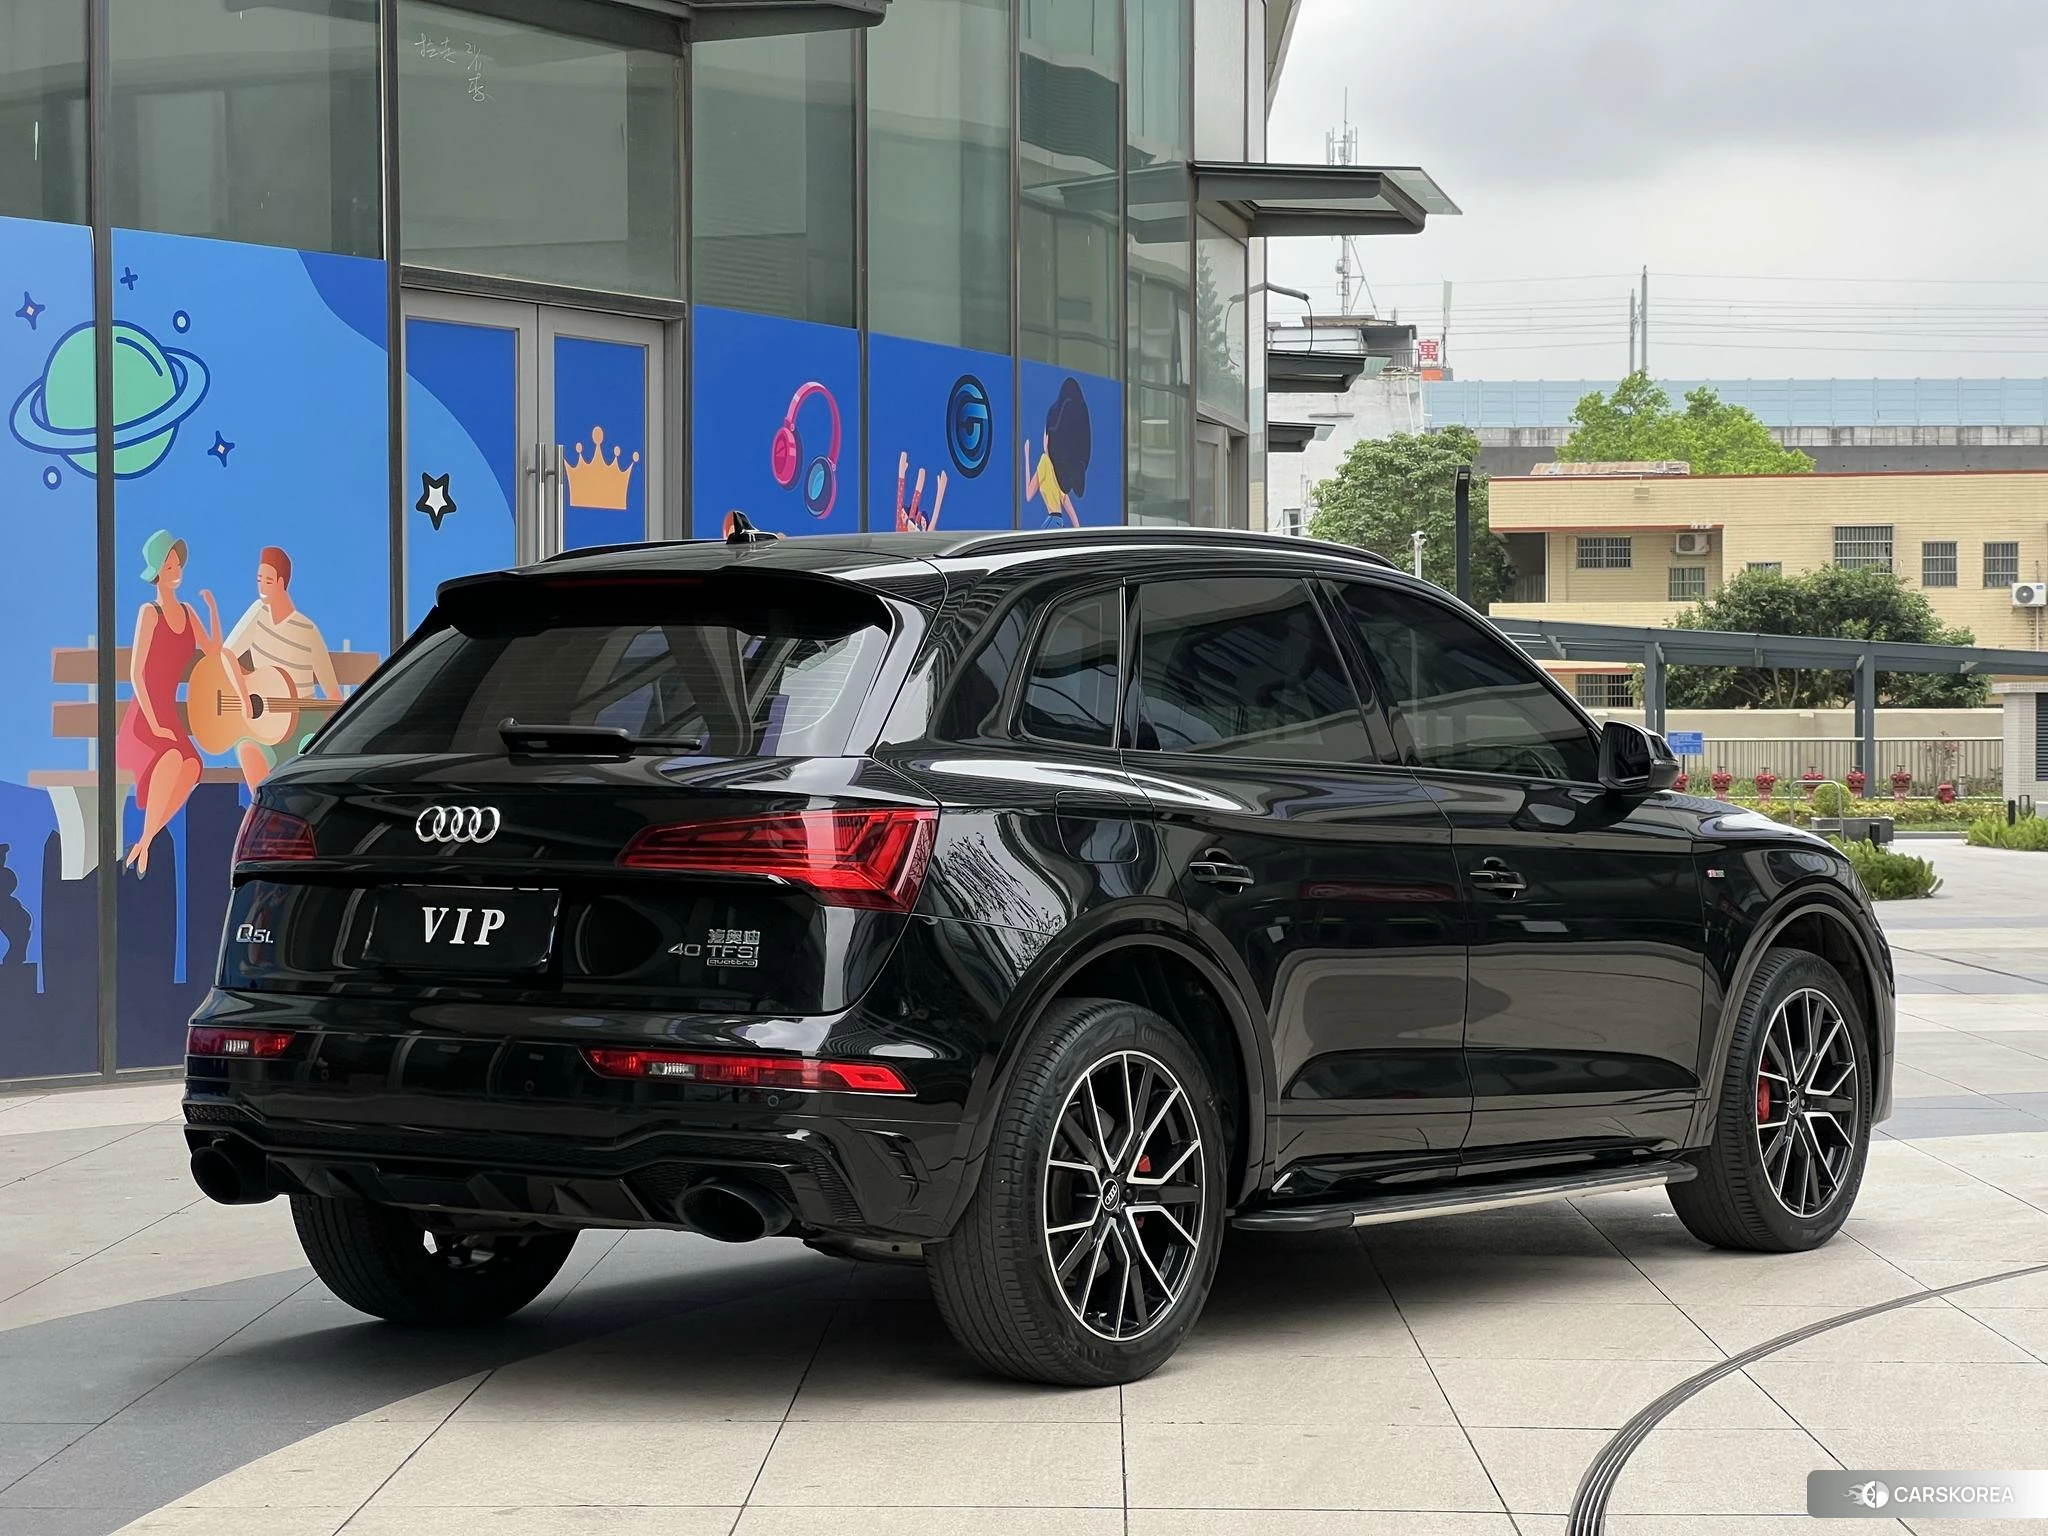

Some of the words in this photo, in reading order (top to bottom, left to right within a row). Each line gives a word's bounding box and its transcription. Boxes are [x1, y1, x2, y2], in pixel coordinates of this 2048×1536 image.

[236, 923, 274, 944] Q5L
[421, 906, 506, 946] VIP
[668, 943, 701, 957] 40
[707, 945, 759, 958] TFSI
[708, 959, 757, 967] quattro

-.-.-

■ EXERCISE ■
Would you return all the data exactly as given, minus the pictures?

■ EXPECTED ANSWER ■
Some of the words in this photo, in reading order (top to bottom, left to right within a row). Each line gives a word's bounding box and its transcription. Boxes are [x1, y1, x2, y2], in pixel coordinates of this 2048×1536 image.

[236, 923, 274, 944] Q5L
[421, 906, 506, 946] VIP
[668, 943, 701, 957] 40
[707, 945, 759, 958] TFSI
[708, 959, 757, 967] quattro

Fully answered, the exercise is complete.